Simultaneous Real-Time Imaging of Leading and Lagging Strand Synthesis Reveals the Coordination Dynamics of Single Replisomes

The molecular machinery responsible for DNA replication, the replisome, must efficiently coordinate DNA unwinding with priming and synthesis to complete duplication of both strands. Due to the anti-parallel nature of DNA, the leading strand is copied continuously, while the lagging strand is produced by repeated cycles of priming, DNA looping, and Okazaki-fragment synthesis. Here, we report a multidimensional single-molecule approach to visualize this coordination in the bacteriophage T7 replisome by simultaneously monitoring the kinetics of loop growth and leading-strand synthesis. We show that loops in the lagging strand predominantly occur during priming and only infrequently support subsequent Okazaki-fragment synthesis.
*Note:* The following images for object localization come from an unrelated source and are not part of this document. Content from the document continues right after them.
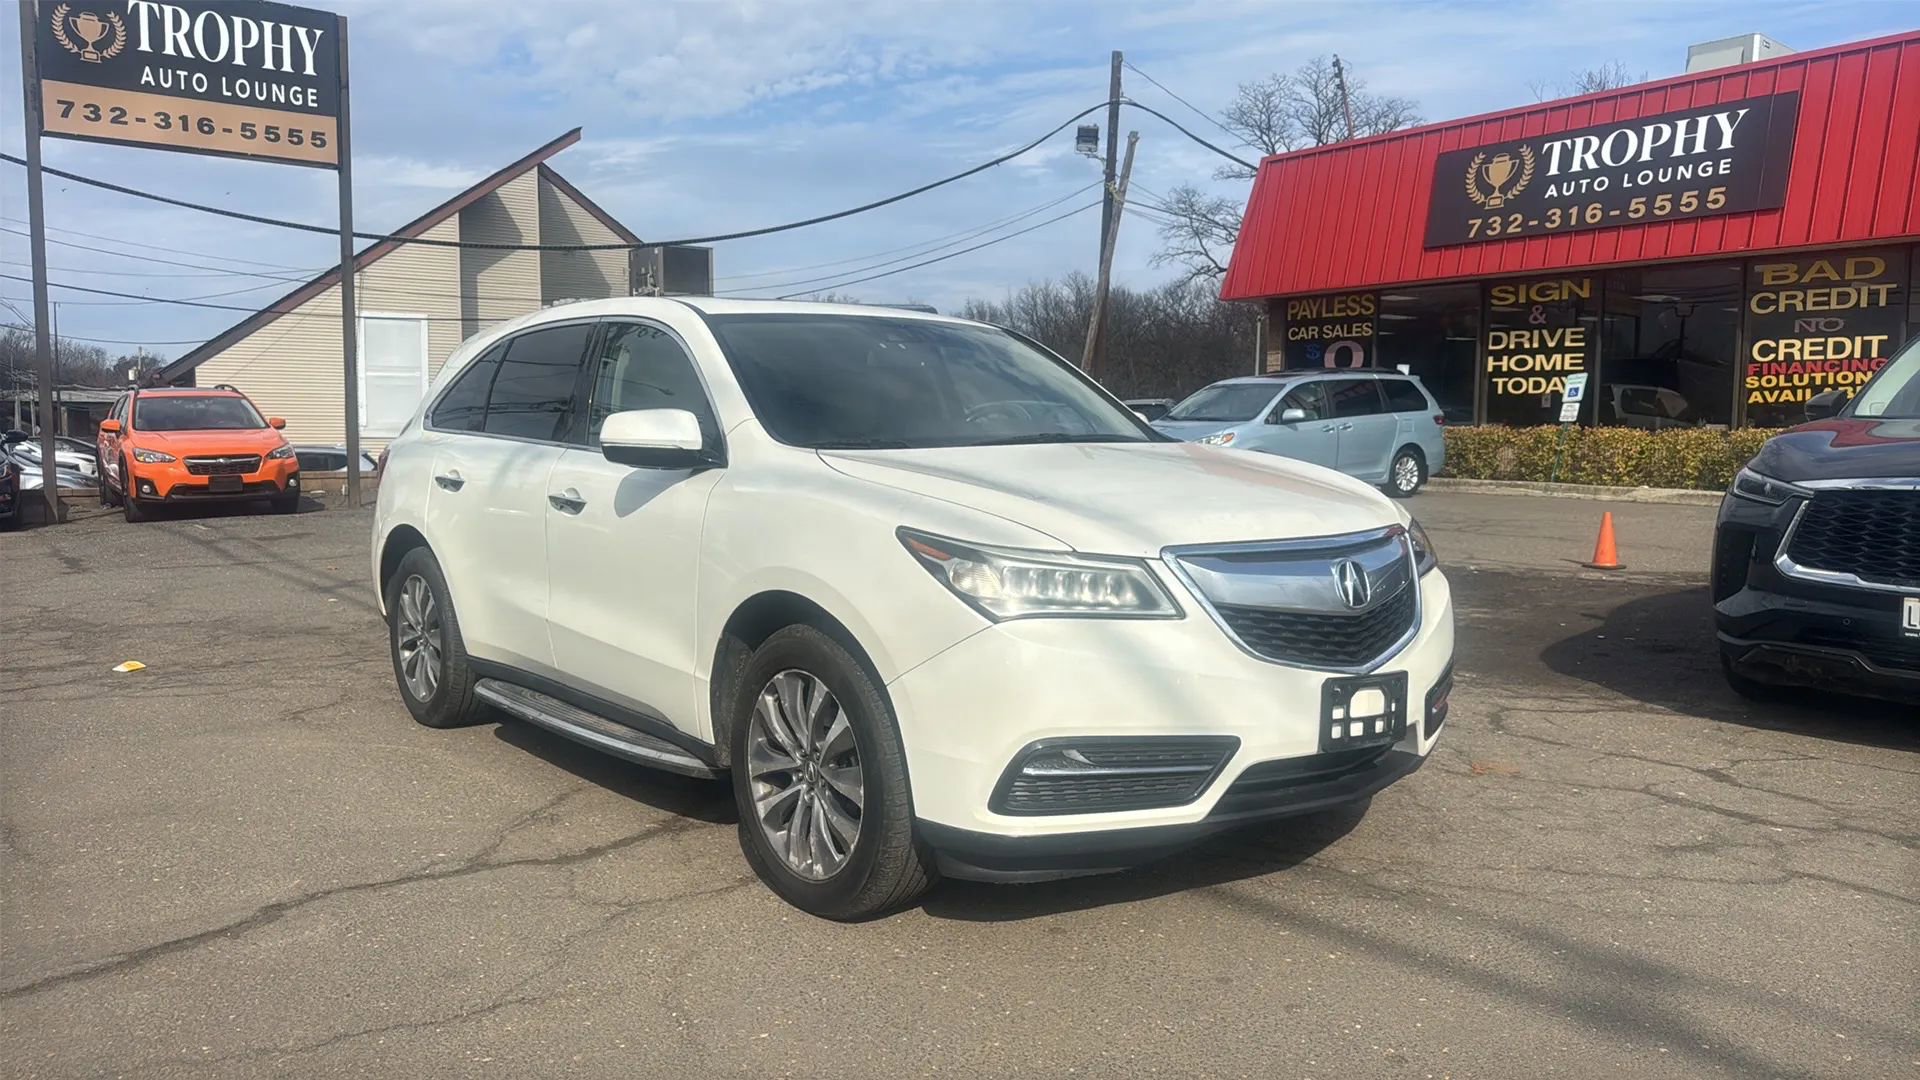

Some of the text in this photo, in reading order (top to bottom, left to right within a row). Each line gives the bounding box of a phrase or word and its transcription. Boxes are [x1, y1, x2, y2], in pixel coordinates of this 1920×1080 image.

[128, 0, 324, 76] TROPHY
[140, 65, 319, 108] AUTO LOUNGE
[56, 99, 328, 149] 732-316-5555
[1542, 108, 1750, 177] TROPHY
[1544, 158, 1732, 199] AUTO LOUNGE
[1467, 186, 1727, 239] 732-316-5555
[1761, 256, 1887, 286] BAD
[1490, 279, 1591, 306] SIGN
[1750, 283, 1898, 314] CREDIT
[1287, 294, 1376, 321] PAYLESS
[1528, 304, 1547, 325] &
[1288, 322, 1373, 341] CAR SALES
[1488, 327, 1586, 350] DRIVE
[1793, 317, 1845, 333] NO
[1751, 335, 1889, 362] CREDIT
[1487, 353, 1585, 372] HOME
[1747, 358, 1889, 375] FINANCING
[1745, 371, 1873, 388] SOLUTION
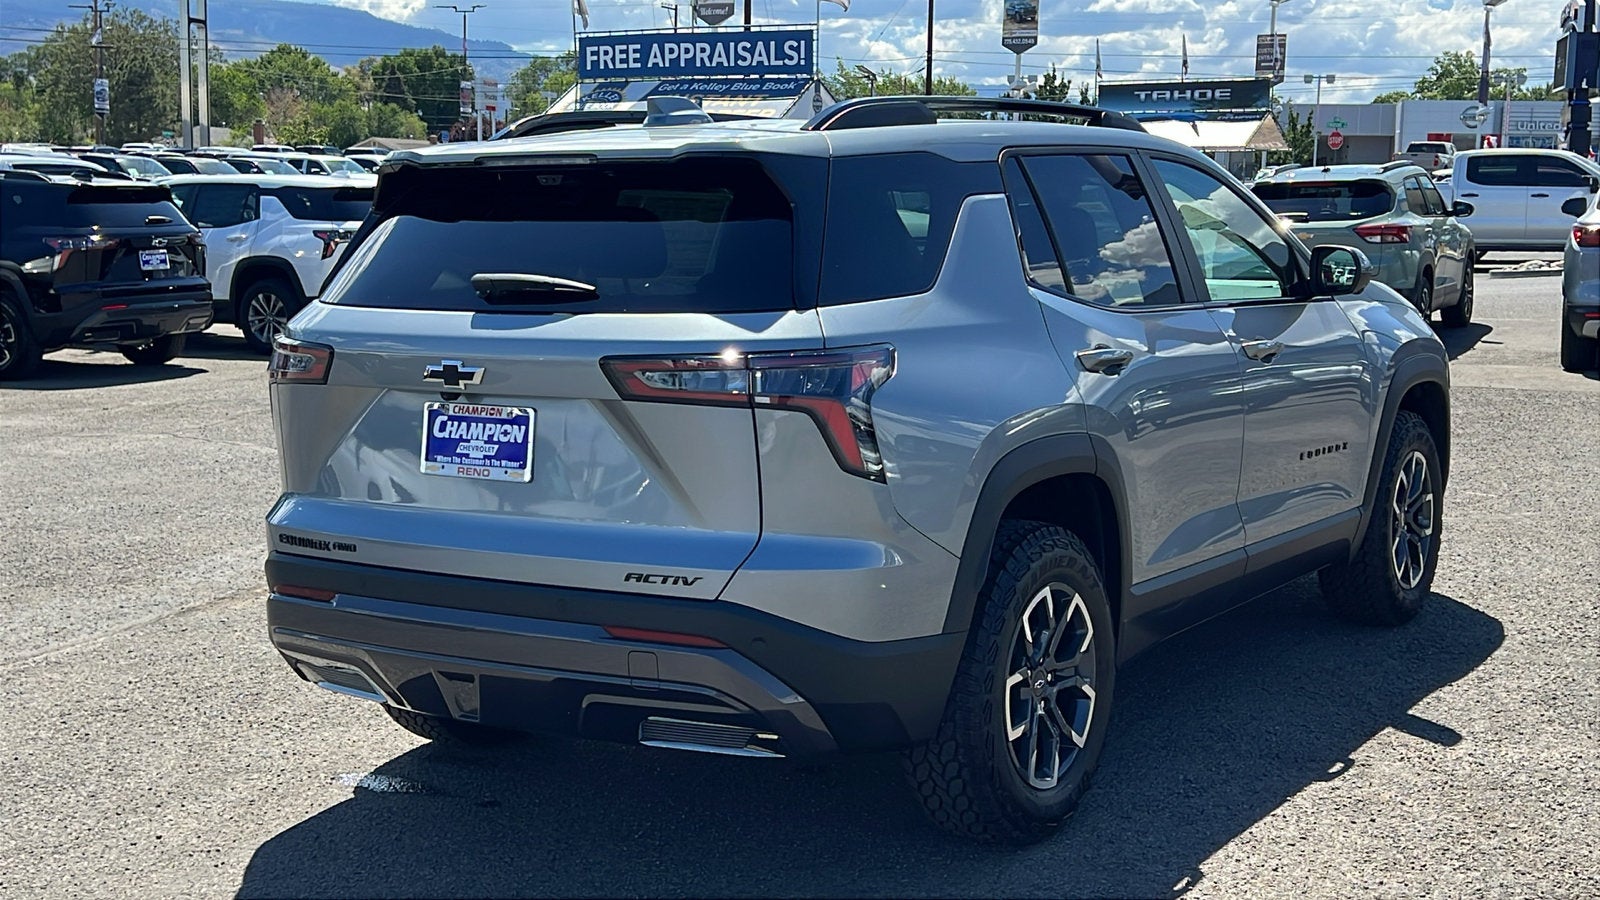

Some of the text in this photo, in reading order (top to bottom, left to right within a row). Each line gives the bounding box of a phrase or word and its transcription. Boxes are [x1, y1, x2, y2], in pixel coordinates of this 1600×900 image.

[586, 40, 807, 70] FREE APPRAISALS!
[658, 83, 678, 91] Get
[690, 82, 730, 92] Kelley
[730, 83, 760, 91] Blue
[1134, 88, 1232, 102] TAHOE
[1329, 136, 1343, 144] STOP
[452, 405, 504, 416] CHAMPION
[433, 415, 526, 443] CHAMPION
[459, 444, 496, 453] CHEVROLET
[461, 457, 485, 465] Customer
[491, 459, 501, 467] The
[457, 466, 491, 477] RENO
[278, 533, 332, 552] EQUINOX
[623, 572, 704, 587] ACTIV
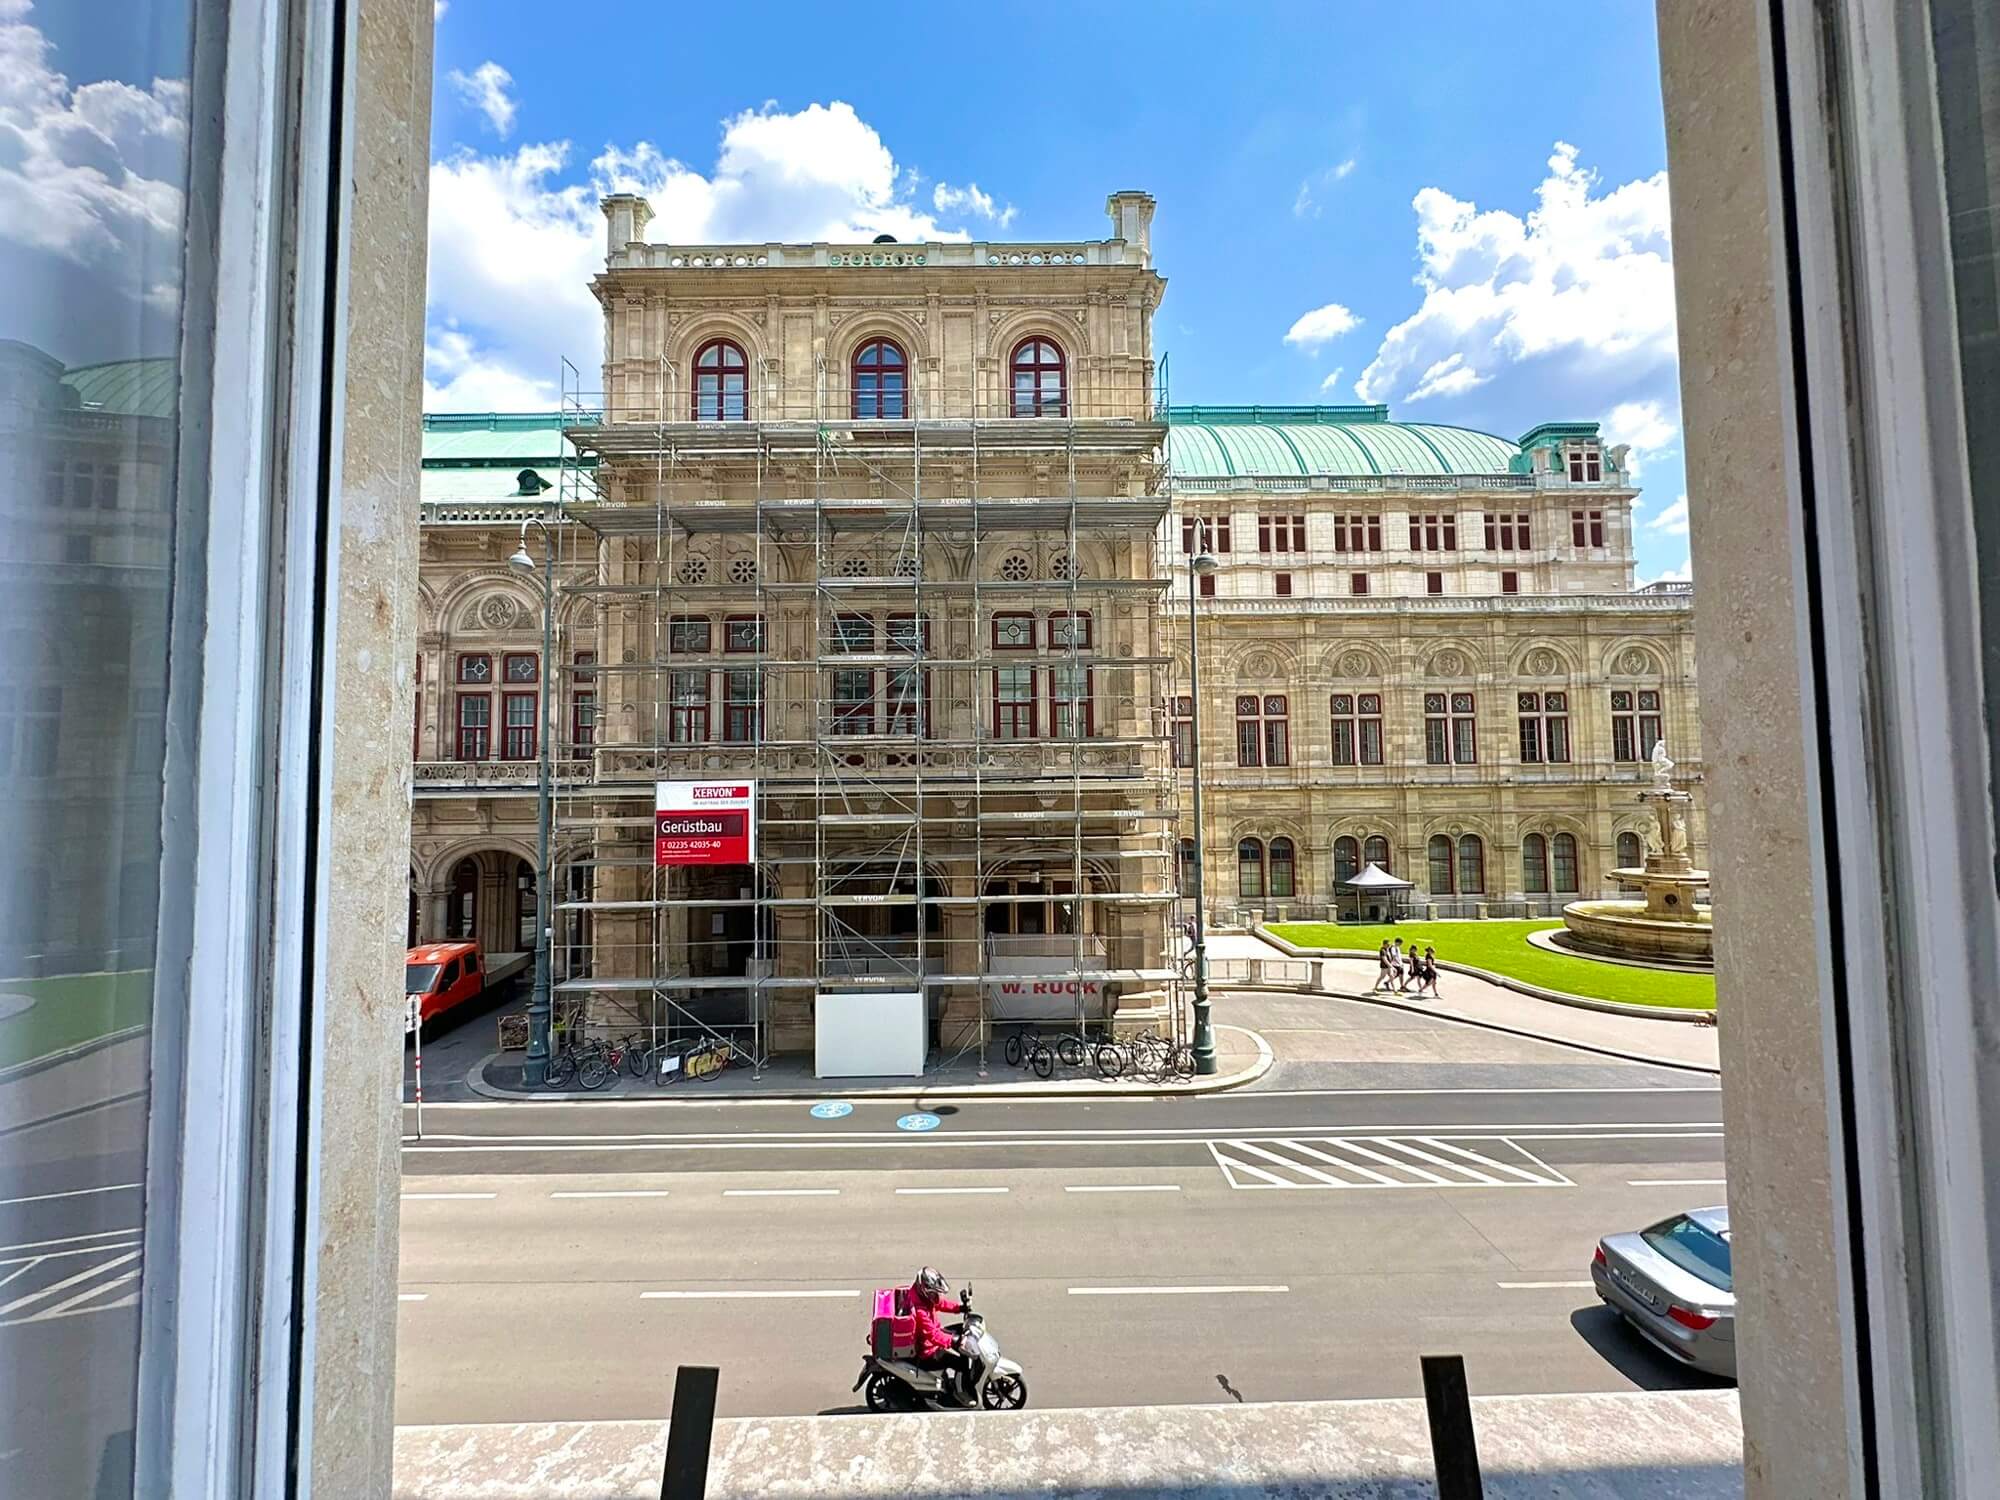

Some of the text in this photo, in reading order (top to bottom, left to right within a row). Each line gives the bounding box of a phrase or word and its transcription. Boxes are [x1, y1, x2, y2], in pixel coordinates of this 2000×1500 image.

[661, 819, 722, 833] Gerüstbau
[661, 840, 721, 849] T 02235 42035-40
[1001, 982, 1026, 994] W.
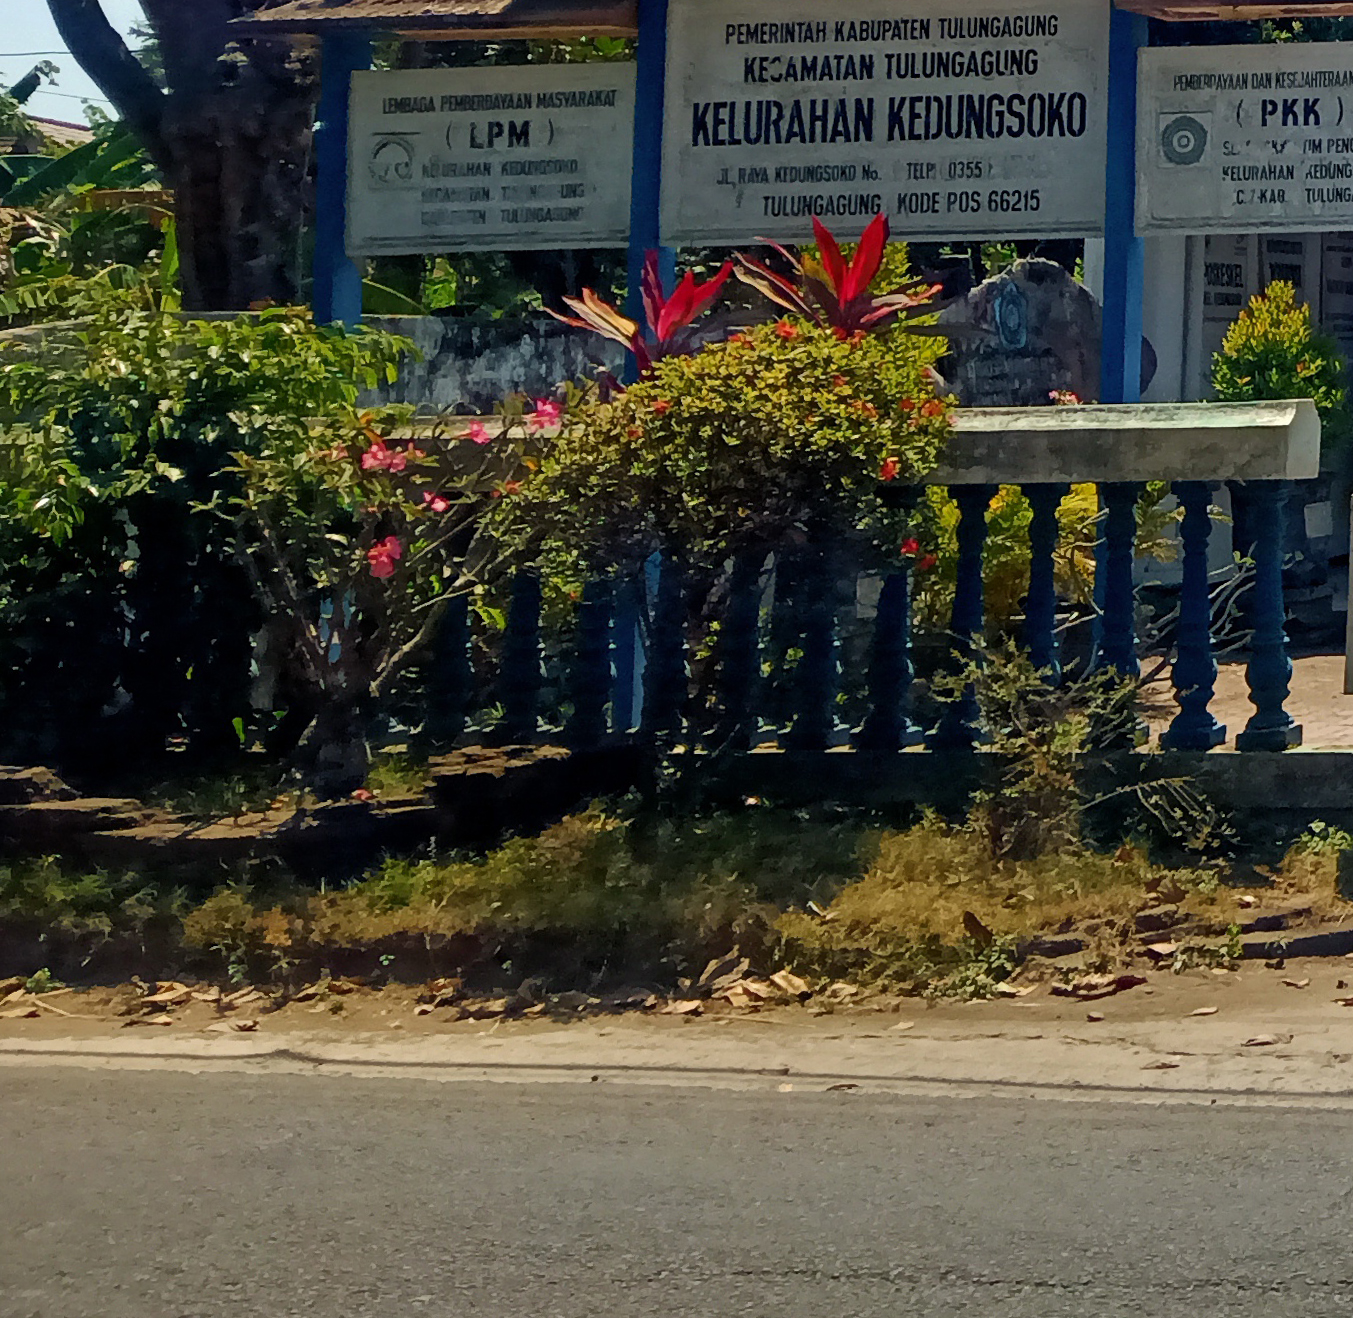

Fluorescence imaging reveals polymerases remaining bound to the lagging strand behind the replication fork, consistent with Okazaki-fragment synthesis behind and independent of the replication complex. Individual replisomes display both looping and pausing during priming, reconciling divergent models for the regulation of primer synthesis and revealing an underlying plasticity in replisome operation. [Display omitted] •Simultaneous imaging of leading- and lagging-strand synthesis by single replisomes•Most loop formation events on the lagging strand occur during primer synthesis•Polymerases are released from the replisome to complete Okazaki-fragment synthesis•Multiple pathways and exchange events underlie replisome coordination Duderstadt et al. report a multidimensional single-molecule approach to simultaneously observe DNA looping and leading-strand synthesis during replication. Working with the bacteriophage T7 replisome, they show that most DNA loops form only during priming to support several parallel pathways that ensure robust coordination of daughter-strand synthesis.